* YOUR INSTRUCTIONS: Every line below should be copied exactly; drop the pictures.

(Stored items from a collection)
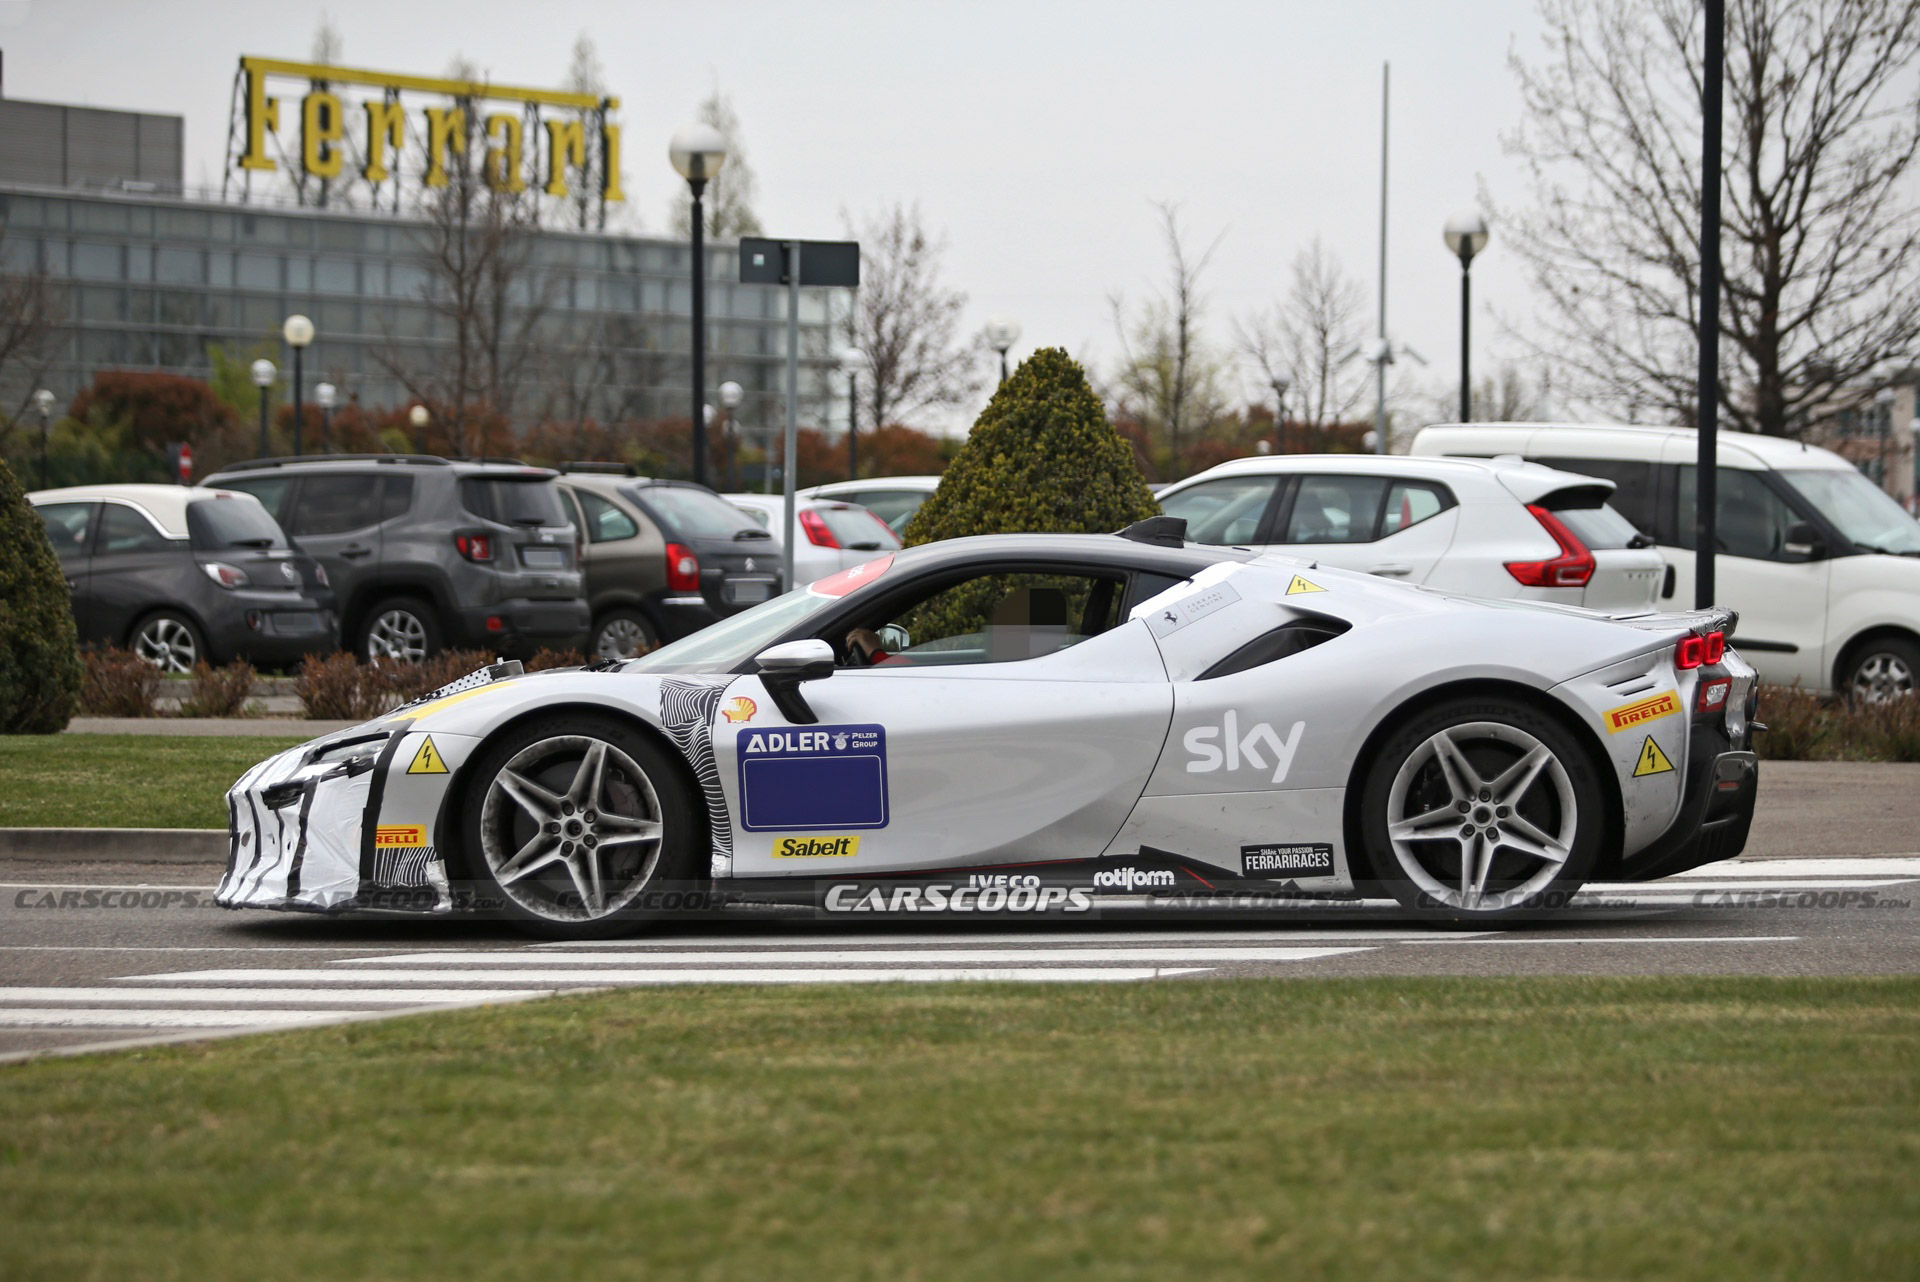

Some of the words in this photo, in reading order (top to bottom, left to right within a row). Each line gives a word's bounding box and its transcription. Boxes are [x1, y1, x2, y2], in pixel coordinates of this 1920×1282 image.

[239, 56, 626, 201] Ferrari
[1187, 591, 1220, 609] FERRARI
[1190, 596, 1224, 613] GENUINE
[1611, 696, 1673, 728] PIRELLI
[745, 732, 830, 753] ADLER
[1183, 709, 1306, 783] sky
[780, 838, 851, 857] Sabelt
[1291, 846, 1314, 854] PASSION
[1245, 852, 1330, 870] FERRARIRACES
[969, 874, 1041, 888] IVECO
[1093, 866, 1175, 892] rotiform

* RESULT OF THIS TASK:
Some of the words in this photo, in reading order (top to bottom, left to right within a row). Each line gives a word's bounding box and its transcription. Boxes are [x1, y1, x2, y2], in pixel coordinates of this 1920×1282 image.

[239, 56, 626, 201] Ferrari
[1187, 591, 1220, 609] FERRARI
[1190, 596, 1224, 613] GENUINE
[1611, 696, 1673, 728] PIRELLI
[745, 732, 830, 753] ADLER
[1183, 709, 1306, 783] sky
[780, 838, 851, 857] Sabelt
[1291, 846, 1314, 854] PASSION
[1245, 852, 1330, 870] FERRARIRACES
[969, 874, 1041, 888] IVECO
[1093, 866, 1175, 892] rotiform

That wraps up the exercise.